Determine how many lines of the entries contain "people". Reply with that number alone.

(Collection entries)
# # # # #

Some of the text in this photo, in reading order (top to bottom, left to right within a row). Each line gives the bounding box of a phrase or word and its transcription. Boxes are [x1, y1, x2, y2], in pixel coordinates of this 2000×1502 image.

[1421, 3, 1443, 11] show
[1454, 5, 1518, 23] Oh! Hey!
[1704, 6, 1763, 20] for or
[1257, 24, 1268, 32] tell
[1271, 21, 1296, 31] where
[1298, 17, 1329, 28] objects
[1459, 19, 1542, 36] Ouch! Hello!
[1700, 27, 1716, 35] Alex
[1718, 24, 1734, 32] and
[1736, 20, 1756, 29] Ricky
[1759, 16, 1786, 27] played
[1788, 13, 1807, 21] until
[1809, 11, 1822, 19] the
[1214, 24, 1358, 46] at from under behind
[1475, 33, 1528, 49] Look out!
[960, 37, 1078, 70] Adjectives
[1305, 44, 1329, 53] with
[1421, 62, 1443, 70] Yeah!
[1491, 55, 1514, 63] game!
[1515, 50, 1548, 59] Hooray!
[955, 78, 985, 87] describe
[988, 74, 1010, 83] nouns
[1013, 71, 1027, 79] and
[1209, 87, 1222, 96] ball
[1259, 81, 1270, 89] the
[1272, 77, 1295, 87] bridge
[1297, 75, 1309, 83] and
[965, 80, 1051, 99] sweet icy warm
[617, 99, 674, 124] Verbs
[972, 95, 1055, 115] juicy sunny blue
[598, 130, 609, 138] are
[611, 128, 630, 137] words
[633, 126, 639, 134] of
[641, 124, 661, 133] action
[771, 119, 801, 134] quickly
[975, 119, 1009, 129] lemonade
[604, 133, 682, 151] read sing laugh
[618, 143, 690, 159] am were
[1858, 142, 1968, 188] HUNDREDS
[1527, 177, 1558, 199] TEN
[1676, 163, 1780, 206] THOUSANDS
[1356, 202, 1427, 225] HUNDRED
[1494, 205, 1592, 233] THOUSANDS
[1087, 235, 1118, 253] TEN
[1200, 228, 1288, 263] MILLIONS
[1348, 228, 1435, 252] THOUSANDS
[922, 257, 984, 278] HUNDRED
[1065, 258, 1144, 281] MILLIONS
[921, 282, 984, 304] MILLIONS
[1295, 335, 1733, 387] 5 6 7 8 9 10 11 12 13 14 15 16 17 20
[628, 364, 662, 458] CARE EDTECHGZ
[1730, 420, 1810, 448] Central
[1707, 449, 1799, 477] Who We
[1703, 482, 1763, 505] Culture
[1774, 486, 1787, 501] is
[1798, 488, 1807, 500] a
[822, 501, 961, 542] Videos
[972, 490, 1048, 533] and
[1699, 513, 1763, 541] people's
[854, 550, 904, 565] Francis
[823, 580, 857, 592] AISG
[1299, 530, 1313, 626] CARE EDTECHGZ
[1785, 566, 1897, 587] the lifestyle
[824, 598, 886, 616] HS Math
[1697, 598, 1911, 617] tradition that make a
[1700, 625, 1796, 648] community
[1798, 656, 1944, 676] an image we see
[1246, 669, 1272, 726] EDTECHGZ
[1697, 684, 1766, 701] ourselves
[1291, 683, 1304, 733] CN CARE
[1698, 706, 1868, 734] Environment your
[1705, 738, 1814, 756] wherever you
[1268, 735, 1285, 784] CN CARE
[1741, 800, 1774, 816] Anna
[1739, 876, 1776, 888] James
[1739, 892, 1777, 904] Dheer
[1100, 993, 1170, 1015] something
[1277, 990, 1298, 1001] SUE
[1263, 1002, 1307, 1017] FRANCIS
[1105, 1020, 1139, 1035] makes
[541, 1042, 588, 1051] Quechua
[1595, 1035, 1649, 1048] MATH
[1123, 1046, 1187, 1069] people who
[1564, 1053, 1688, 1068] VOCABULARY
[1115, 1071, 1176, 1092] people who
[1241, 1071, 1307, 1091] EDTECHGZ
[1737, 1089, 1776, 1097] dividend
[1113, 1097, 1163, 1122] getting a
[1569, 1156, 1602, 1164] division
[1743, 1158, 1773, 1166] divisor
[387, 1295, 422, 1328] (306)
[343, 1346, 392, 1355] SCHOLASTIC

# # # # #

_Solution to this task:_
3